**Task requirements**
Every entry should be reproduced precisely, with each picture left out.

**Task material**
════════

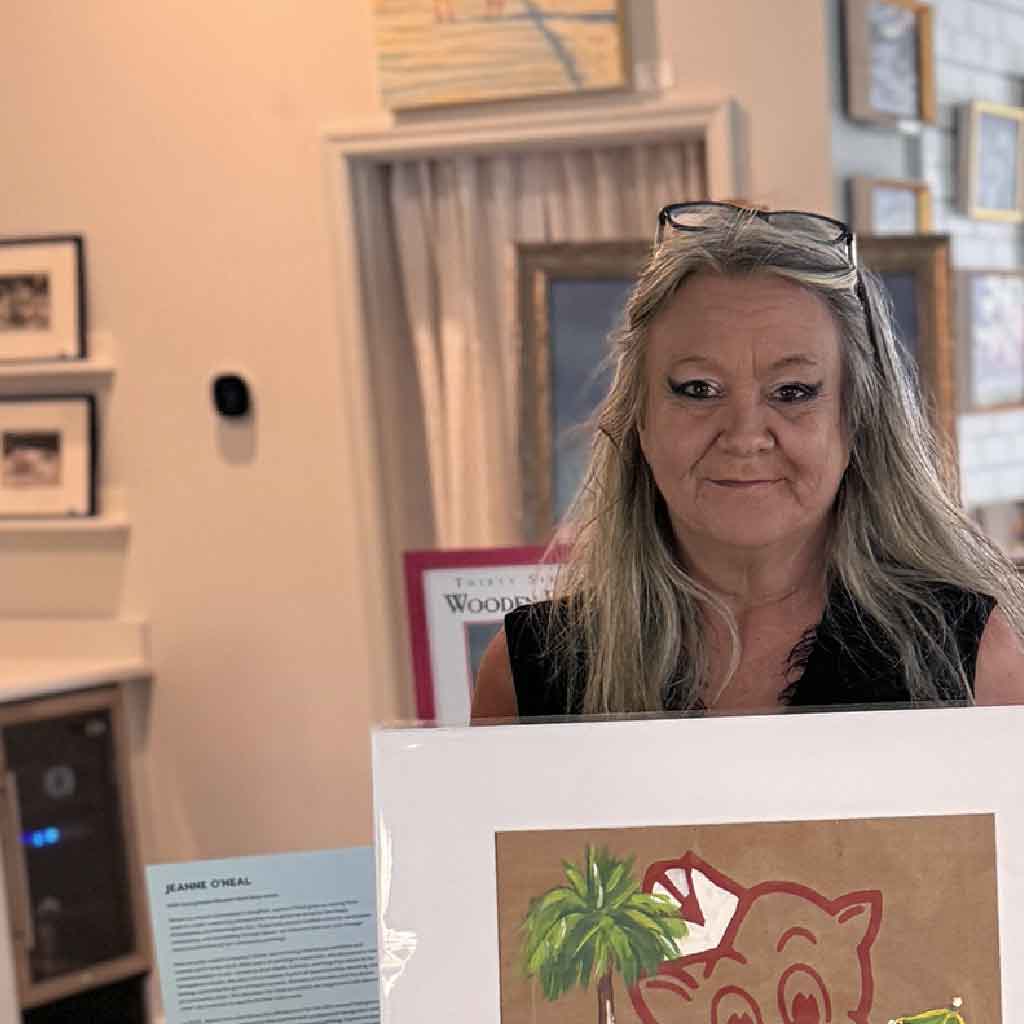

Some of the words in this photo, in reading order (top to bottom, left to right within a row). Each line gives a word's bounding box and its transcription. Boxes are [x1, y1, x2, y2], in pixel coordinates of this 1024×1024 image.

[443, 591, 538, 614] WOODE
[164, 880, 207, 895] JEANNE
[210, 876, 252, 889] O'NEAL
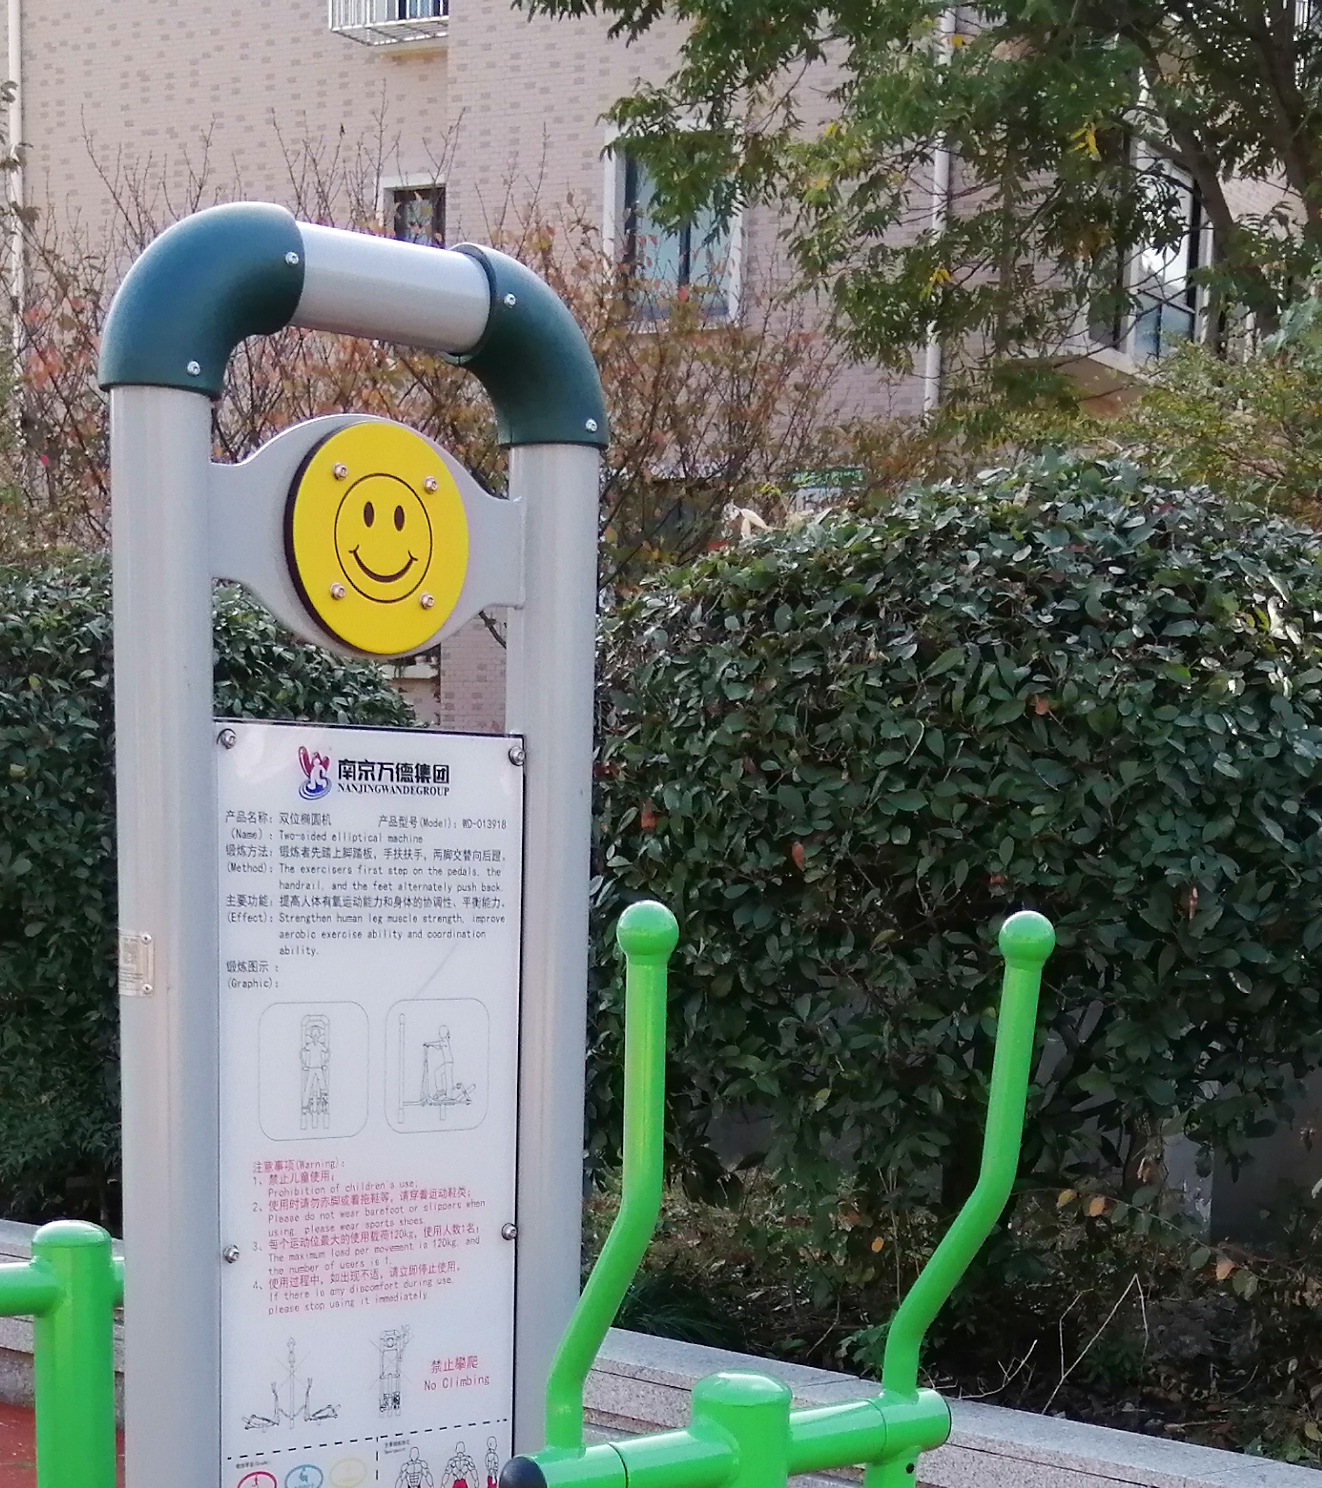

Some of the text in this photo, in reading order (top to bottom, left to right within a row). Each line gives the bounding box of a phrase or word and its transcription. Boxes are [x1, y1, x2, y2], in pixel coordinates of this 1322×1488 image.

[337, 758, 450, 784] 南京万德集团
[337, 783, 450, 797] NANJINGWANDEGROUP
[279, 829, 327, 841] Two-sided
[331, 831, 383, 843] elliptical
[387, 833, 424, 844] machine
[279, 862, 296, 873] The
[300, 863, 353, 874] exercisers
[357, 864, 383, 875] first
[388, 865, 409, 876] step
[412, 867, 424, 875] on
[428, 866, 443, 876] the
[487, 867, 502, 877] the
[331, 880, 348, 891] and
[352, 880, 368, 891] the
[373, 881, 393, 892] feet
[397, 882, 453, 894] alternately
[457, 882, 477, 893] push
[279, 912, 332, 925] Strengthen
[336, 912, 363, 923] human
[368, 913, 383, 925] leg
[387, 913, 418, 923] muscle
[472, 914, 506, 925] improve
[279, 928, 486, 940] aerobic exercise ability and coordination
[279, 945, 319, 957] ability.
[268, 1184, 326, 1198] Prohibition
[330, 1183, 340, 1193] of
[268, 1198, 486, 1224] Please do not wear barefoot or slippers when
[304, 1223, 336, 1236] please
[340, 1222, 359, 1231] wear
[365, 1219, 395, 1232] sports
[268, 1252, 284, 1263] The
[288, 1250, 326, 1262] maximum
[331, 1247, 351, 1258] load
[354, 1247, 369, 1258] per
[374, 1242, 414, 1254] movement
[419, 1241, 429, 1249] is
[465, 1236, 480, 1246] and
[268, 1265, 284, 1275] the
[289, 1262, 319, 1274] number
[325, 1261, 335, 1271] of
[340, 1260, 365, 1270] users
[370, 1257, 380, 1266] is
[269, 1292, 279, 1302] If
[284, 1290, 310, 1301] there
[316, 1289, 325, 1297] is
[330, 1286, 345, 1297] any
[349, 1280, 399, 1294] discomfort
[403, 1277, 433, 1289] during
[268, 1304, 300, 1316] please
[304, 1301, 325, 1311] stop
[329, 1299, 355, 1309] using
[360, 1297, 370, 1305] it
[424, 1374, 491, 1391] No Climbing
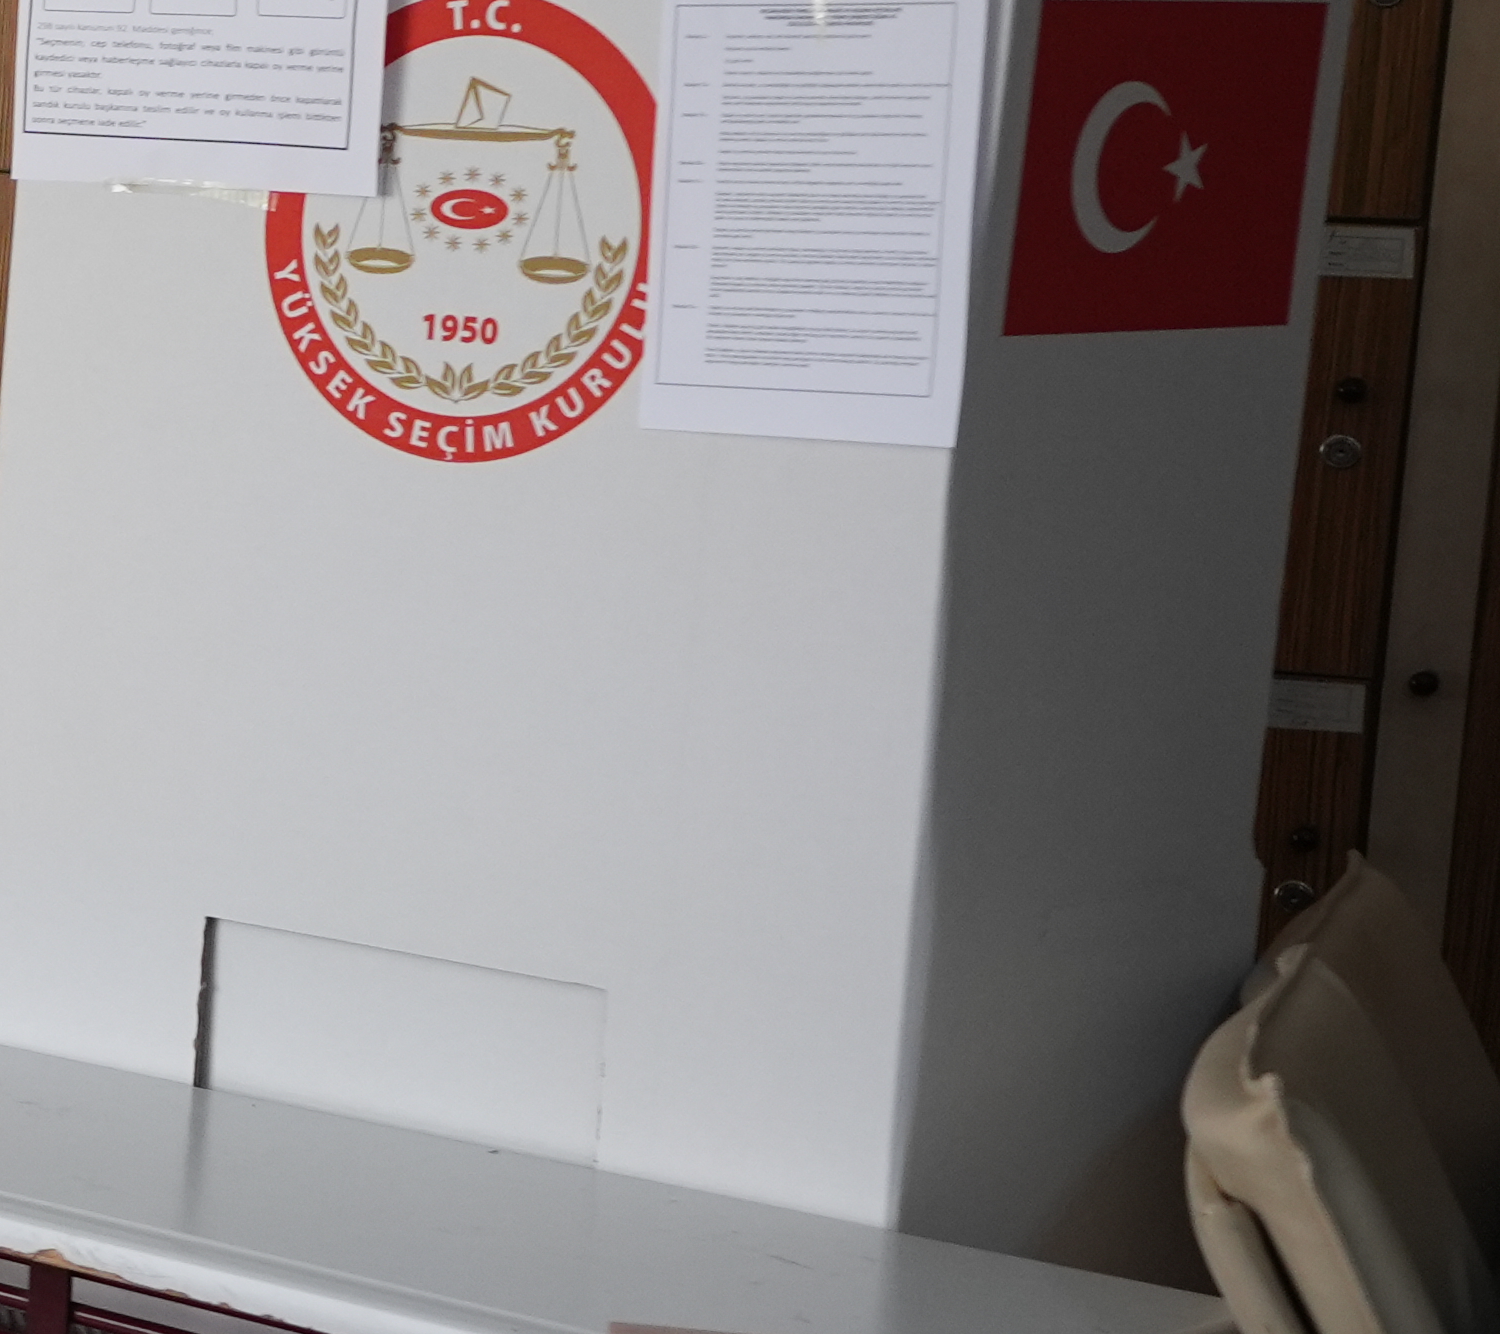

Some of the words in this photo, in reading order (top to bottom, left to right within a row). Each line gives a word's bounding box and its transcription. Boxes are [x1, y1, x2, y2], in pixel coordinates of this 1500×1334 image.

[445, 0, 522, 33] T.C.
[423, 313, 499, 345] 1950
[272, 259, 378, 421] YÜKSEK
[383, 410, 516, 461] SEÇİM
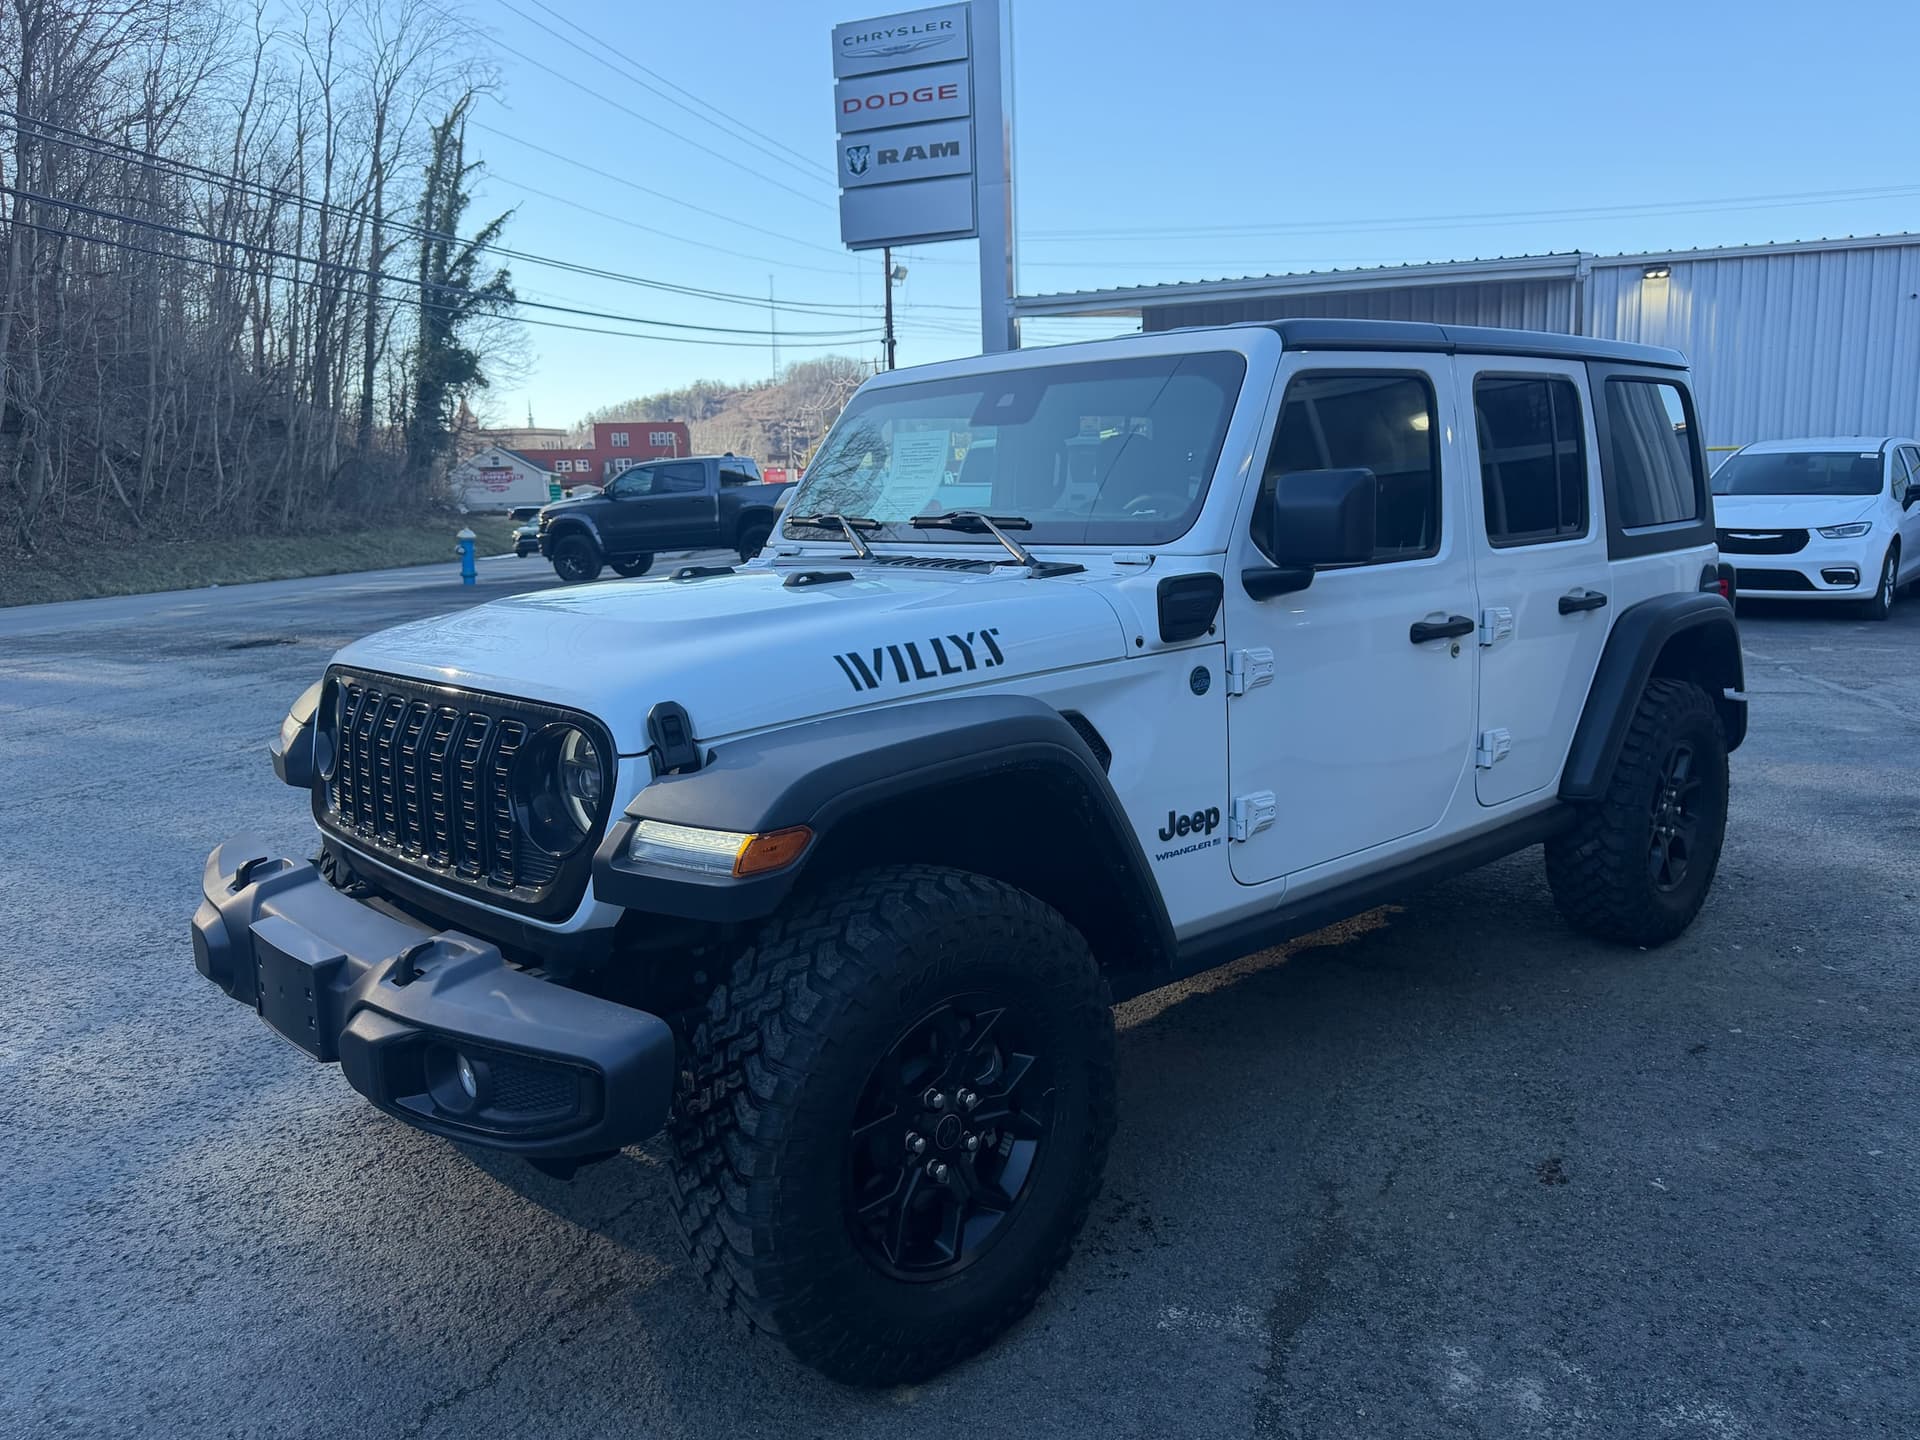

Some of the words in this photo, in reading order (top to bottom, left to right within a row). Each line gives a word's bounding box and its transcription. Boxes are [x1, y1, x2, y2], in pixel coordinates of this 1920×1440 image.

════════

**Exercise response**
Some of the words in this photo, in reading order (top to bottom, left to right within a row). Each line gives a word's bounding box and its transcription. Boxes are [x1, y1, x2, y2], in pixel coordinates of this 1024×1024 image.

[443, 591, 538, 614] WOODE
[164, 880, 207, 895] JEANNE
[210, 876, 252, 889] O'NEAL

Some of the text in this photo, in reading order (top to bottom, left to right within a row). Each line gives the bounding box of a phrase or word and its transcription. Boxes are [x1, y1, x2, y2], in pixel coordinates of this 1322×1488 image.

[337, 758, 450, 784] 南京万德集团
[337, 783, 450, 797] NANJINGWANDEGROUP
[279, 829, 327, 841] Two-sided
[331, 831, 383, 843] elliptical
[387, 833, 424, 844] machine
[279, 862, 296, 873] The
[300, 863, 353, 874] exercisers
[357, 864, 383, 875] first
[388, 865, 409, 876] step
[412, 867, 424, 875] on
[428, 866, 443, 876] the
[487, 867, 502, 877] the
[331, 880, 348, 891] and
[352, 880, 368, 891] the
[373, 881, 393, 892] feet
[397, 882, 453, 894] alternately
[457, 882, 477, 893] push
[279, 912, 332, 925] Strengthen
[336, 912, 363, 923] human
[368, 913, 383, 925] leg
[387, 913, 418, 923] muscle
[472, 914, 506, 925] improve
[279, 928, 486, 940] aerobic exercise ability and coordination
[279, 945, 319, 957] ability.
[268, 1184, 326, 1198] Prohibition
[330, 1183, 340, 1193] of
[268, 1198, 486, 1224] Please do not wear barefoot or slippers when
[304, 1223, 336, 1236] please
[340, 1222, 359, 1231] wear
[365, 1219, 395, 1232] sports
[268, 1252, 284, 1263] The
[288, 1250, 326, 1262] maximum
[331, 1247, 351, 1258] load
[354, 1247, 369, 1258] per
[374, 1242, 414, 1254] movement
[419, 1241, 429, 1249] is
[465, 1236, 480, 1246] and
[268, 1265, 284, 1275] the
[289, 1262, 319, 1274] number
[325, 1261, 335, 1271] of
[340, 1260, 365, 1270] users
[370, 1257, 380, 1266] is
[269, 1292, 279, 1302] If
[284, 1290, 310, 1301] there
[316, 1289, 325, 1297] is
[330, 1286, 345, 1297] any
[349, 1280, 399, 1294] discomfort
[403, 1277, 433, 1289] during
[268, 1304, 300, 1316] please
[304, 1301, 325, 1311] stop
[329, 1299, 355, 1309] using
[360, 1297, 370, 1305] it
[424, 1374, 491, 1391] No Climbing

Some of the words in this photo, in reading order (top to bottom, left to right within a row). Each line gives a word's bounding box and its transcription. Boxes are [x1, y1, x2, y2], in pixel coordinates of this 1500×1334 image.

[445, 0, 522, 33] T.C.
[423, 313, 499, 345] 1950
[272, 259, 378, 421] YÜKSEK
[383, 410, 516, 461] SEÇİM

Some of the words in this photo, in reading order (top to bottom, left to right within a row). Each line gives a word's bounding box and its transcription. Boxes are [x1, y1, x2, y2], in pixel coordinates of this 1920×1440 image.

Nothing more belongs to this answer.